Using a skin moisturizer is incredibly important to encourage healthy skin. GLAMOUR UK Beauty Director, Alessandra Steinherr explains, “the function of moisturizer is to reinforce the skin’s barrier. This matters because it keeps moisture in the skin, resulting in a fresh, dewy complexion. But just as importantly it prevents bacterias and irritants from penetrating into the skin.”
Once you have found the perfect moisturizer to aid your skin, the next step will be to switch up your skincare routine. The New York Presbyterian Hospital suggests “immediately apply moisturizers after bathing or showering. While your skin is still wet it will better trap and absorb moisture.” After a quick warm shower – be careful, according to the British Skin Foundation, “a long hot bath can strip away much needed natural oil from the skin. Try and shorten the length of time and remember to keep the temperature warm, not hot” – get ready for bed a bit earlier than usual schedule.
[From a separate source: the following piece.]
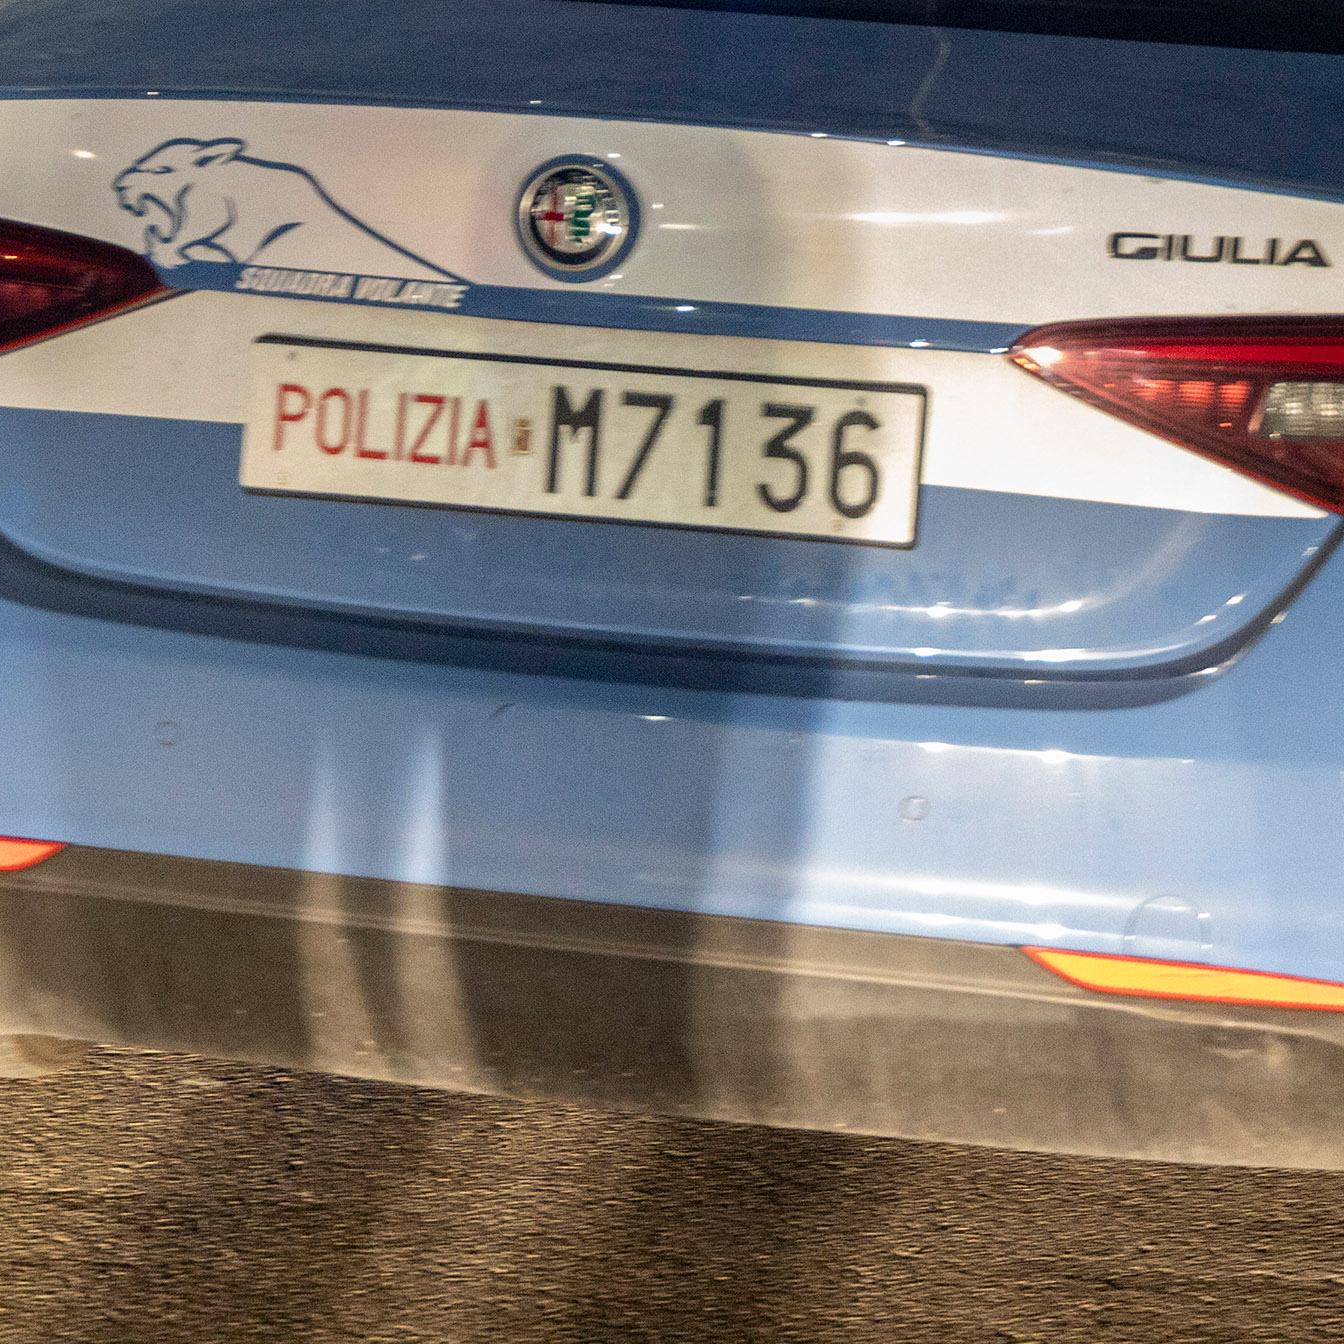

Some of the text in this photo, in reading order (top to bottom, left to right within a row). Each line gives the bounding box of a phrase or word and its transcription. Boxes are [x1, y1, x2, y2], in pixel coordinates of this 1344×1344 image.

[1107, 231, 1332, 268] GIULIA
[272, 383, 880, 519] POLIZIA M7136
According to Dr. Kaleroy Papantoniou, a board certified NYC dermatologist, “During sleep we heal, restore and eliminate toxins from the skin. If sleep is compromised, so is the body’s ability to carry out these essential skin functions.” Sleep is so important to all aspects of your physical and emotional health, in addition to it being an essential part of your skincare regimen. Papantoniou explains, “During the first three hours of sleep your body will start producing the human growth hormone from the pituitary gland. As we age, this hormone is necessary for the maintenance of youthful and radiant skin. Without this hormone release, skin is not repaired from daily damage and thus induces the aging process.”
Have trouble sleeping? According to Dr. Calapai, the answer is in a glass of tart cherry juice. “Who knew that this tangy drink naturally contains melatonin? Well, it does and melatonin promotes sleep,” he explains.
As you start breaking out your sweaters and fuzzy socks – all the fuzzy socks – remember to follow these tips and revamp your skincare regimen in a way that adapts to the season. Stock up on moisturizer and healthy foods, and remember to try to start going to bed a little bit earlier. Once you get into this routine, you’ll reap the benefits of using sleep and moisturizer as your protective armor this season.